And about all this "you guys are all about "bolter porn".
Seriously, the best books in HH (& BL for THAT metter) didnt skimp on the battle scenes like PB did. Do you consider those books "bolter porn"??
We did join the hobby due to interest in its setting. If you are anti violence and only look at character development in non-violent settings, there are many other books i could recommend to you.


----------



## Phoebus

genesis80 said:


> Fair enough, but does this character really need to take hundreds of pages to develop the character, flashbacks and all?


Thing is, that complaint only goes so far. A good chunk of said flashbacks tie in to an integral plot point.
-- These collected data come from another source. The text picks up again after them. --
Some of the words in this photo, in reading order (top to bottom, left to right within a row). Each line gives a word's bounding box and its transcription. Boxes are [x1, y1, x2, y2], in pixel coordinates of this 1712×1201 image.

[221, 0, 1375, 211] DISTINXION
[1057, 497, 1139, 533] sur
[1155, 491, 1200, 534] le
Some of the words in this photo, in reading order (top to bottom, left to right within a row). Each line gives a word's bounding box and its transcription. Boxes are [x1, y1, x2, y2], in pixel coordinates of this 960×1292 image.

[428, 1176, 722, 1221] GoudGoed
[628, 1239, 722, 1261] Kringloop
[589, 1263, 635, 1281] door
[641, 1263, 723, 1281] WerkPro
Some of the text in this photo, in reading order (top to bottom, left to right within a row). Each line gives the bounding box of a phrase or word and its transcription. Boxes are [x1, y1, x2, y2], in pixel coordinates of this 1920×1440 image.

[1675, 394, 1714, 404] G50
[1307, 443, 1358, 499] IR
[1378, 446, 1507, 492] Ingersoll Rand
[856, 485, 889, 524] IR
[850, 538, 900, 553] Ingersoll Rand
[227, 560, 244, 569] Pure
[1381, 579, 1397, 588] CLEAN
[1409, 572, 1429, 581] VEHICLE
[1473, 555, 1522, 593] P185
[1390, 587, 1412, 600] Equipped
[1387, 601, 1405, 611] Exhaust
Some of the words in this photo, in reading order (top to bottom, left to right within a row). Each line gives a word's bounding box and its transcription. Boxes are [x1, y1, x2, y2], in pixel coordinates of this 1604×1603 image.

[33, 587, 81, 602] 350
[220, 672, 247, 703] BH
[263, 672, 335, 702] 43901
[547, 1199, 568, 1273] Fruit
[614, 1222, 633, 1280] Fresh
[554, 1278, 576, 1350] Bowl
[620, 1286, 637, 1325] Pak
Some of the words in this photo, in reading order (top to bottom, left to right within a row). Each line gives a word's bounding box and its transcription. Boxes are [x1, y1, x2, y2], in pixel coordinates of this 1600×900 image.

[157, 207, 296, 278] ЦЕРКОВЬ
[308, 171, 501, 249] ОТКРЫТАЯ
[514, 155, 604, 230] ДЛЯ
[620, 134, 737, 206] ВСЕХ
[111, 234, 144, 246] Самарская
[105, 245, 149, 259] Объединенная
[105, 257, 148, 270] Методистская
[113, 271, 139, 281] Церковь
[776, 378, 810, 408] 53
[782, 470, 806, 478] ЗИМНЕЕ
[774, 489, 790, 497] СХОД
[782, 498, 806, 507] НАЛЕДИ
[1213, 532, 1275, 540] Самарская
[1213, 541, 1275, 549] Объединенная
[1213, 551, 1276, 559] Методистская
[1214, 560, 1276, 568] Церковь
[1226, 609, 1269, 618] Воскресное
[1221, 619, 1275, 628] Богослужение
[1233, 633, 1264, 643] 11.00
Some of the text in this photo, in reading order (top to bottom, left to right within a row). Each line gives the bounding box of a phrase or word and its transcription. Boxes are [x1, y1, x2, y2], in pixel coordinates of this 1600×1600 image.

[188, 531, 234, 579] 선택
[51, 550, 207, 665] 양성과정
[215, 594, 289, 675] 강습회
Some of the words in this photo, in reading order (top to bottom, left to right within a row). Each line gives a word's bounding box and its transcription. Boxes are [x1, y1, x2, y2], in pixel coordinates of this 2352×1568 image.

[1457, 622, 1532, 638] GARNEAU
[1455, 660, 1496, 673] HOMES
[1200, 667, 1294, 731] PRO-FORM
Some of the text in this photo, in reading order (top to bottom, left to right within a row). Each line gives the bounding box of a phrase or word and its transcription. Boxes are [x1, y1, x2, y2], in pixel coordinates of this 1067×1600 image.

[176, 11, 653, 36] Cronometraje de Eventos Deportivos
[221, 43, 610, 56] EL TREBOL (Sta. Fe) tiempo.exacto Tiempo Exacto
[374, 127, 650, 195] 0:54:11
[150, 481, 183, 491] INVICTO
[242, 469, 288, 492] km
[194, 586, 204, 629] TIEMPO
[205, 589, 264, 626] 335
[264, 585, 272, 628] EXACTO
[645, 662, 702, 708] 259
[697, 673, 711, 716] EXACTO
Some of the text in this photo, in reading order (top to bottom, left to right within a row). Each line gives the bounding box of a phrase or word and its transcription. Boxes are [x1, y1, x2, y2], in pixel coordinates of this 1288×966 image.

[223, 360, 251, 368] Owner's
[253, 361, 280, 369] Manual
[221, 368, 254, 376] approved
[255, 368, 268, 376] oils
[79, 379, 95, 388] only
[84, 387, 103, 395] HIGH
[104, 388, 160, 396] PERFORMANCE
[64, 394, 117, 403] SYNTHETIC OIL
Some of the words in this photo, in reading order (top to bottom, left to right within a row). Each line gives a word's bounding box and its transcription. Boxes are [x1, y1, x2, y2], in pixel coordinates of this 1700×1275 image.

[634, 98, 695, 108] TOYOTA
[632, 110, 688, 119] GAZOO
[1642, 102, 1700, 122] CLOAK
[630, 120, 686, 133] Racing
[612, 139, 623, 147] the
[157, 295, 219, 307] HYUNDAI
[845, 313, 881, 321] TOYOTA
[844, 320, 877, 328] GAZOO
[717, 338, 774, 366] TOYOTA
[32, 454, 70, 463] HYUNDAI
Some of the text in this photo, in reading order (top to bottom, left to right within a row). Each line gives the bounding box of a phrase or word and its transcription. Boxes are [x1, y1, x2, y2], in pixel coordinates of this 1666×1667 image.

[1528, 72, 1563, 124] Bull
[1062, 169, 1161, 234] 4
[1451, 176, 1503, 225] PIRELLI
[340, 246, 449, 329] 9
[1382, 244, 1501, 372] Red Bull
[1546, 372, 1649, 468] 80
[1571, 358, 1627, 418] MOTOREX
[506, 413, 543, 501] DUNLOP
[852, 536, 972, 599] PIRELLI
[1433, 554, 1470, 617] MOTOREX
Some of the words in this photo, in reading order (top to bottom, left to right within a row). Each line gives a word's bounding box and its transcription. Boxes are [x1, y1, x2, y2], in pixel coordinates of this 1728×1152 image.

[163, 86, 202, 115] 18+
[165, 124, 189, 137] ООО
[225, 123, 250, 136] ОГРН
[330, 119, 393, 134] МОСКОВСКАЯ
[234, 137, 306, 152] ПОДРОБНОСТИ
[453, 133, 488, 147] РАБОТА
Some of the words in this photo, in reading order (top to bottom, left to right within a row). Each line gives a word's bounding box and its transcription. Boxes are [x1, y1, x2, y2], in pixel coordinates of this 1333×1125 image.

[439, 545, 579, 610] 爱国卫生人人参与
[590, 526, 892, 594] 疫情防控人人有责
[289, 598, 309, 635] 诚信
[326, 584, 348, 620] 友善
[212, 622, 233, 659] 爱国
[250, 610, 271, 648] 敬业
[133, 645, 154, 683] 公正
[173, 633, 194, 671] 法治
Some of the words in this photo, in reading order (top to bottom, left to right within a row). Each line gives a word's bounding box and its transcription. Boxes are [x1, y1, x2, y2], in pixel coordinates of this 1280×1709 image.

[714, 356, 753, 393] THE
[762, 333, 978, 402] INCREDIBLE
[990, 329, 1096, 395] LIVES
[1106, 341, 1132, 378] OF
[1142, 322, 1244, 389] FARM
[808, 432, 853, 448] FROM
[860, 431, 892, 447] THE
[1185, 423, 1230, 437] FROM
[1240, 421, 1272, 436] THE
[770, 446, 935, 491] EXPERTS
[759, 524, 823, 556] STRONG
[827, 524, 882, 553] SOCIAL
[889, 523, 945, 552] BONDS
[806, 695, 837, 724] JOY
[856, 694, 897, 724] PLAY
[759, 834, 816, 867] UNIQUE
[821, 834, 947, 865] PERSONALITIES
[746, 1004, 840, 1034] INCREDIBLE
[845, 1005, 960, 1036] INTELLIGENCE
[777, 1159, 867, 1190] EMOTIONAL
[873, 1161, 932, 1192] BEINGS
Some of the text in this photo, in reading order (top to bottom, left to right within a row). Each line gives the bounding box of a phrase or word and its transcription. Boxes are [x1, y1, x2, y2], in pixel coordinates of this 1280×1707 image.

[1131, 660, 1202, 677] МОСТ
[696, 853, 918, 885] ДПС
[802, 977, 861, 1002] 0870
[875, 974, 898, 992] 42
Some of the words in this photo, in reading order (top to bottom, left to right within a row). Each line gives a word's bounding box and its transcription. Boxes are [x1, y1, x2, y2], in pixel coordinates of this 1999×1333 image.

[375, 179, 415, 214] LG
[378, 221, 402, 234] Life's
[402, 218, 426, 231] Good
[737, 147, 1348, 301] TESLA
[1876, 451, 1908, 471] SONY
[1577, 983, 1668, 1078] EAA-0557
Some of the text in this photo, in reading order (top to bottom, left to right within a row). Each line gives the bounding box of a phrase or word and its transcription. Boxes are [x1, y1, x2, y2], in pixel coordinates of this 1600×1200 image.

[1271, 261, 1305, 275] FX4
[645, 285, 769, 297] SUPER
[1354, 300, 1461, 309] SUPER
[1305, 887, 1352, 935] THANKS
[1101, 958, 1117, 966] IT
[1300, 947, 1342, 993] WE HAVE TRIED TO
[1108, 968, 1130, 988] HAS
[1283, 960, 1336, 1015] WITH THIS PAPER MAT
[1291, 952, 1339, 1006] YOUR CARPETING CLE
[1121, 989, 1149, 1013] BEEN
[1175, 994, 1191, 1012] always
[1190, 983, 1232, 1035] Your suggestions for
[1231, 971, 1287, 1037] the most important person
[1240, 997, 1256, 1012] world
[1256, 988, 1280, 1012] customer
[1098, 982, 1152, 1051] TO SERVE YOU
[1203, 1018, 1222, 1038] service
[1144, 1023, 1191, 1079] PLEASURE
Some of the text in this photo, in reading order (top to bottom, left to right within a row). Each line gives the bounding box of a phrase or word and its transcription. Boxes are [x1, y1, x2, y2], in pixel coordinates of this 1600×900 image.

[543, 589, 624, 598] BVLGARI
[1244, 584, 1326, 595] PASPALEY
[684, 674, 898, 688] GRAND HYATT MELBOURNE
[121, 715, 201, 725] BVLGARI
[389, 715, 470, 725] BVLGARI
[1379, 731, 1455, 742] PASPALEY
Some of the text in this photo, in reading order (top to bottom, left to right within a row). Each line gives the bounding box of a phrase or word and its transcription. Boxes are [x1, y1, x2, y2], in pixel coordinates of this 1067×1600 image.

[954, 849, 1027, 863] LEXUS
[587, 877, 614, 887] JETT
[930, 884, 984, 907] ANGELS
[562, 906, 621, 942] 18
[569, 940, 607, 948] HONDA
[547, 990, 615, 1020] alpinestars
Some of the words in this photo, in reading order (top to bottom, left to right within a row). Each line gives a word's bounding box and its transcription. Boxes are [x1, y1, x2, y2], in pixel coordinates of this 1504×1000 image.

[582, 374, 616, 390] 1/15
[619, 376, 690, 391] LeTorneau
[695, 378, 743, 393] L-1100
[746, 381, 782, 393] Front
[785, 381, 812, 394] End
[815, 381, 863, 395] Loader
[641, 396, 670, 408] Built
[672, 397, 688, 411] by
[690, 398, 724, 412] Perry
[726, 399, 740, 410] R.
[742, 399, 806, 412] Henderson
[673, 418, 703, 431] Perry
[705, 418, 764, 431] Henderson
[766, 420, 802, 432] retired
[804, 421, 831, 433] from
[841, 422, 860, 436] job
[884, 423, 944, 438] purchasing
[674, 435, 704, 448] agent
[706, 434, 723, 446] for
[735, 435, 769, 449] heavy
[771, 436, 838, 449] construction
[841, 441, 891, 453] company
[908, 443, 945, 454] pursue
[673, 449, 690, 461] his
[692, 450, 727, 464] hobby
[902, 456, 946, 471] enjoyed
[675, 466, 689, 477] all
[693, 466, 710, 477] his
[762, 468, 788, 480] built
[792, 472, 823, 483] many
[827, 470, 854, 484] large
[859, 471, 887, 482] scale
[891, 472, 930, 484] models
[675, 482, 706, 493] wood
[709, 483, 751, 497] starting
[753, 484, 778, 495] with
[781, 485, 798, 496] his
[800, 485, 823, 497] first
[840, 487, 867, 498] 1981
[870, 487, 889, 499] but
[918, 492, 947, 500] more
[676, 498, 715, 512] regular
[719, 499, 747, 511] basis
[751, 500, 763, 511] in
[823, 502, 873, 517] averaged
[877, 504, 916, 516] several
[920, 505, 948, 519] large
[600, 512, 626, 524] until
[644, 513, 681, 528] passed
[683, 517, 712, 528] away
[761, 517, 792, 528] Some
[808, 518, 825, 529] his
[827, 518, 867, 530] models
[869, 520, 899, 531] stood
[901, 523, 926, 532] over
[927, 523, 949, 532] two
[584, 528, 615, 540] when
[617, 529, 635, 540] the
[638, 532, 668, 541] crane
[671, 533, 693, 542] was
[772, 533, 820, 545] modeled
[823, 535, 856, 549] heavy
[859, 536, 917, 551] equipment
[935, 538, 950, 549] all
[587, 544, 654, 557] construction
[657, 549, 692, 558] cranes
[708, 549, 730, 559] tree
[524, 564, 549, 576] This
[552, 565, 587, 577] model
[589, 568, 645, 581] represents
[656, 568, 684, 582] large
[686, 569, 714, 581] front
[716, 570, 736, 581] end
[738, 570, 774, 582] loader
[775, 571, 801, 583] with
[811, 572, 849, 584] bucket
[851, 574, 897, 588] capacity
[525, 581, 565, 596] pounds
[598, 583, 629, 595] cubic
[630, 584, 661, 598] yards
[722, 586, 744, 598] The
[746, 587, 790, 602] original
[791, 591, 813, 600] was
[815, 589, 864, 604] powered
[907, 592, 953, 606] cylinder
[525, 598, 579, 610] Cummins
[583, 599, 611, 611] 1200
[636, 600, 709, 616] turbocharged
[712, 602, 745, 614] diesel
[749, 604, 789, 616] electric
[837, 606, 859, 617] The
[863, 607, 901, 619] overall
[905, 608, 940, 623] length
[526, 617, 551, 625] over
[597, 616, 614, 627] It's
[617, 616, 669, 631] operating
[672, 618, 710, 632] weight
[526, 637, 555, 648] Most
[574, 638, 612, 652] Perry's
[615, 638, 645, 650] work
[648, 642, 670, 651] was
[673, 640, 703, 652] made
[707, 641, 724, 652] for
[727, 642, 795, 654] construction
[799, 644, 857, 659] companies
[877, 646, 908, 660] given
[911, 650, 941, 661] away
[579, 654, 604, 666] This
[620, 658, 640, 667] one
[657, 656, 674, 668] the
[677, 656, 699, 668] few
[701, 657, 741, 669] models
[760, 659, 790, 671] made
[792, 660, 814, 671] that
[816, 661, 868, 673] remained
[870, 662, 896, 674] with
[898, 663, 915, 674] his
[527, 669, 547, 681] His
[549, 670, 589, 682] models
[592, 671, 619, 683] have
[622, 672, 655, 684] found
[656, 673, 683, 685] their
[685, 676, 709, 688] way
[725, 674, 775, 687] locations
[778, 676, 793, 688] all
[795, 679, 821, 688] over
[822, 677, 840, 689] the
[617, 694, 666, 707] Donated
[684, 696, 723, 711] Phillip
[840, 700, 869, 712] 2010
Not knowing where the character came from would have killed the main storyline*.



That is, his role as a spy and the machinations of Chaos before the Heresy even begins.


Obviously, though, that's a "two-edged sword" kind of comment. I freely admit (and said so in my review) that some of those flashbacks were not necessary.



> "- Reveals a long and intricate twist and plot chaos had planned for a long time"
> I thought many already knew/suspected this to be happening what with the primarchs being spirited away during birth and all that. Did you guys not read "first heretic"? Its obvious chaos was working since the very beginning.


Yeah, but not so actively. The idea that Chaos may or may not have screwed around with the Primarchs during their scattering was brought up a ways back. The idea that Chaos had agents sewing discord throughout the Legions during the actual Crusade, though? Sorry, but this is a major theme that had never been revealed prior to Erebus' work with the Lodges, and "Prospero Burns" shows its most significant advancement since "Horus Rising".



> ** whats it with the "wet leopard growls"???!!! Seriously! On every other page?! (ok, an exaggeration, but come ON!!)


The repetitiveness got to me, I'll admit. It's like with Nick Kyme's "Salamander" novels, which constantly repeat anvil/fire/forge themes. That having been said, I think it was Abnett's attempt to get beyond the constant wolf themes.



> ** Im having trouble with the whole space wolves as "we are savage executioners, we destroy every enemy and rip their whole civilization to bits & everyone is so scared of us" gig. One would like to think the world eaters or night lords would have lived up to this bill better. Well...more so the former, i guess.


Neither the World Eaters nor the Night Lords operated within their mandate. The point of the Rout was that they were able to do said things but at the same time willingly remain under control. Discipline was the byword of Russ' Legion. Can you say that about the World Eaters post-cerebral surgery or the Night Lords after their Legion was compromised/corrupted by the induction of murderers, thieves, and rapists?



> Despite vlka fenryka reputation, i highly doubt angron or horus would piss their pants if they knew russ was coming for them. (& i can honestly say this even as a space wolf fan)


But that wasn't the point. The point was to have a Legion capable of doing it, and doing it right.



> Take a look at soul hunter and you will see what I mean. He used a "normal" serf. Took up MUCH less space and delivered the goods.
> Or if you want a book WITHOUT serf or historians, you can look at "The Flight of the Eisenstein". I seriously recommend this books to you guys.


Neither book deals with themes of mystery. Septimus doesn't reveal anything new about the Night Lords because there isn't something new to learn (well, not to the degree of "Prospero Burns"). 



> And about all this "you guys are all about "bolter porn".
> Seriously, the best books in HH (& BL for THAT metter) didnt skimp on the battle scenes like PB did.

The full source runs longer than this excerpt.